¡Horror! Tres revistas de moda han sacado portada este mes con el mismo vestido. Eva Mendes en W, Lily Allen en la Elle UK y Freja Beha Erichsen en Vogue UK. Dos competidores directos y una medio. Todas con versiones del mismo vestido de Miu Miu. Es el equivalente a que tres mujeres que se hacen la competencia, tres rivales aparecieran en una fiesta con el mismo vestido. La red está que arde (al fin y al cabo en verano hay sequía informativa). Teniendo en cuenta el mundo de prima donnas que es la moda ¿cómo ha sucedido esto?
Lo primero es que el encargado de prensa de Miu Miu tendría que haber estado un poco más al tanto. Es cierto que para cada sesión se reciben muchas prendas y hasta prácticamente el último momento, no se decide la imagen de portada. Es difícil, pero otros, a fuerza de ser pesados, lo hubieran evitado. Esta coincidencia, en cierta manera, quema la prenda.
Pero de este "incidente" se pueden sacar un par de conclusiones.

-Una es que las revistas le tienen que deber varios favores a Miu Miu. La publicidad que compra en las páginas de las publicaciones tiene que ser compensada en alguna manera. Y en los departamentos de moda deben tener grabado a fuego que tienen que utilizar artículos de la firma en sus editoriales y a ser posible, en las portadas. Miuccia Prada es una diseñadora poderosa.

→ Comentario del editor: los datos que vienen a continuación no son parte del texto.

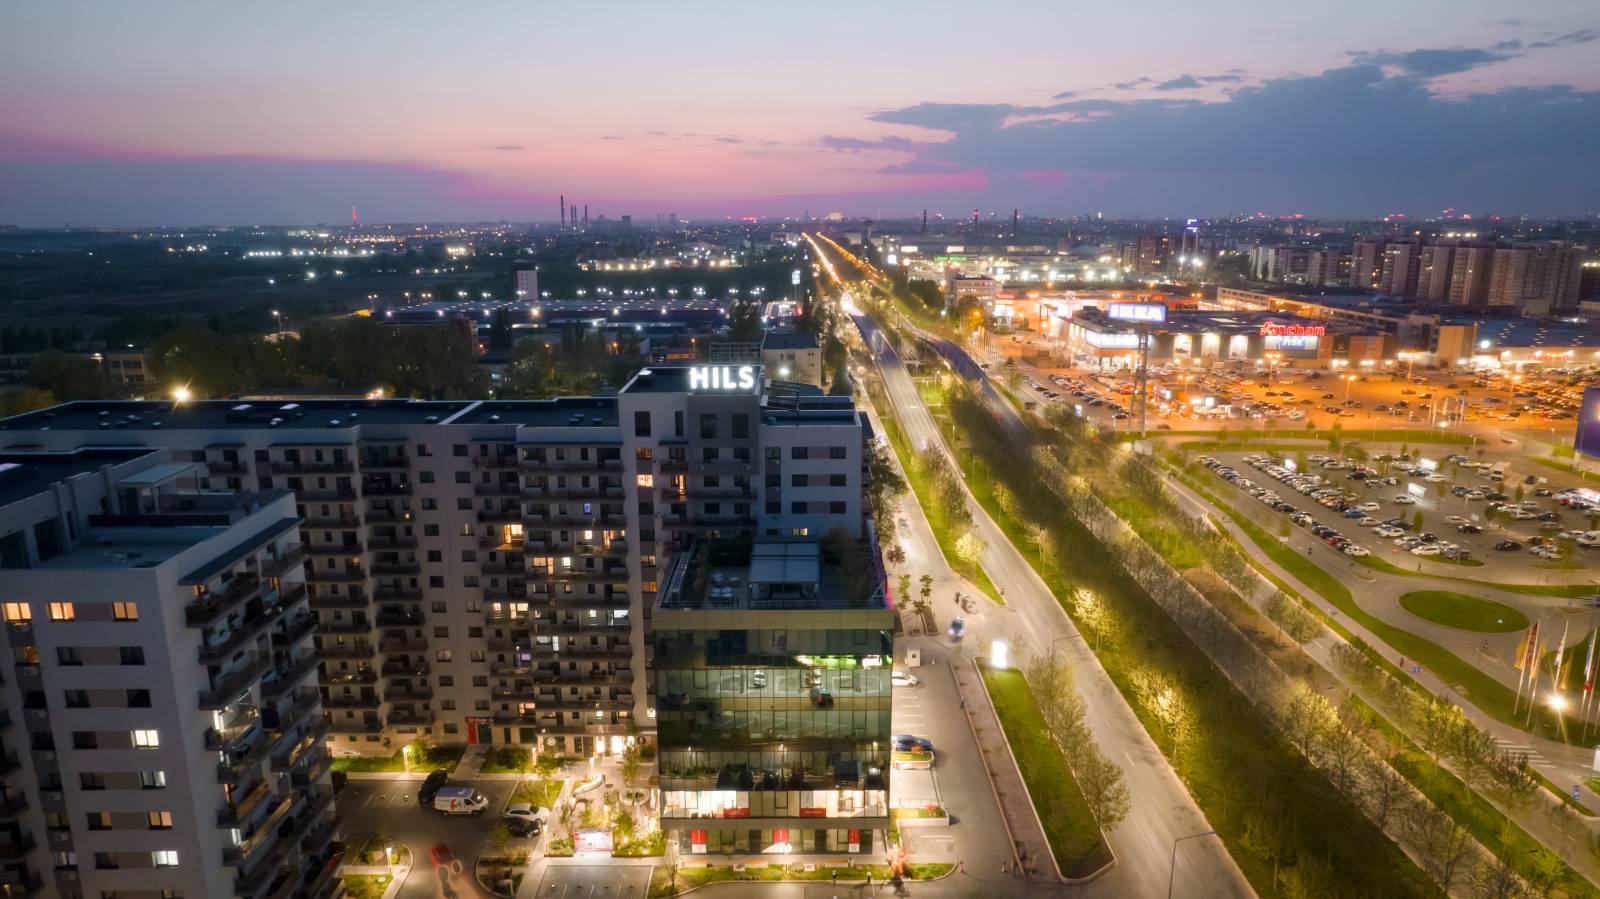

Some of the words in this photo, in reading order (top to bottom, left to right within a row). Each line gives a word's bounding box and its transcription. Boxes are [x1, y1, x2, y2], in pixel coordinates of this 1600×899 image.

[1110, 304, 1163, 320] IKEA
[1260, 321, 1325, 336] Auchan
[690, 366, 754, 389] HILS
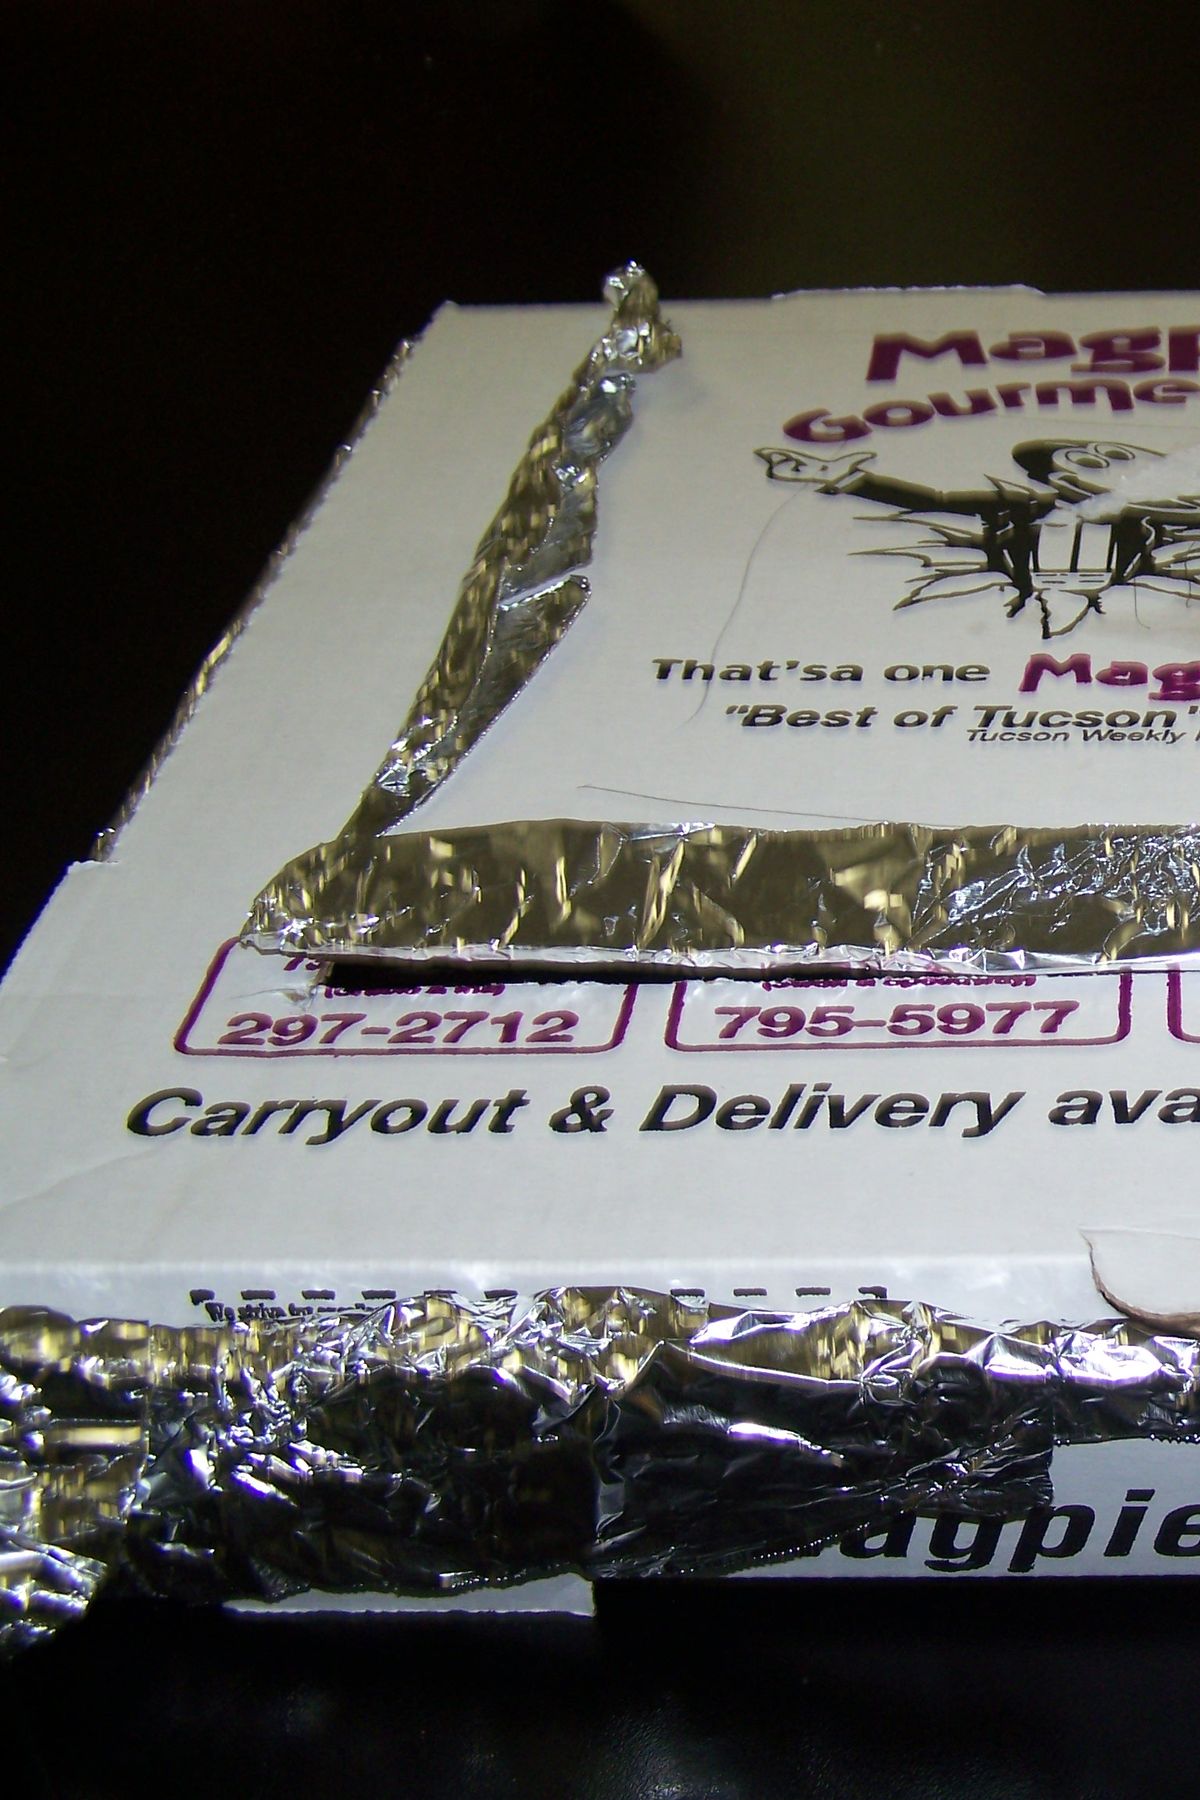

-La segunda conclusión es que pese a que las revistas nos están taladrando con "la nueva simplicidad", "los básicos-inversión" y "la vuelta del minimalismo", al final, lo que llega a las portadas es un vestido con flores de tela, encaje y colores tan poco neutros como el digamos sorbete de mandarina y el lavanda.
Como dijo Alexandra Shulman, directora del Vogue UK, no hay portada que venda más que la que muestra a una chica de pelo castaño (punto para las morenas) con un vestido rosa. En este caso, todas las protagonistas tienen el pelo oscuro y aunque el vestido no sea exactamente rosa, son colores que llaman la atención. Mira que me extrañó ver ese vestido en la portada del Vogue, más que nada porque Freja es una modelo bastante andrógina y de un estilo más depurado. Pero se ve que la Schulman lleva los principios de marketing a rajatabla.
-Y la última deducción es que si hasta los profesionales y los uber-divinos meten la pata coincidiendo en vestido, ¿cómo no vamos a caer las mortales comunes? Muy a menudo se escucha eso de "No quiero vestir como todo el mundo. Quiero llevar lo que nadie tiene"
Pero en este mundo globalizado, híper conectado, ahogado de estímulos, dirigido por tendencias, invadido por las cadenas de moda, eso es muy muy muy difícil. Es prácticamente una ilusión. Estas cosas nos devuelven a la realidad.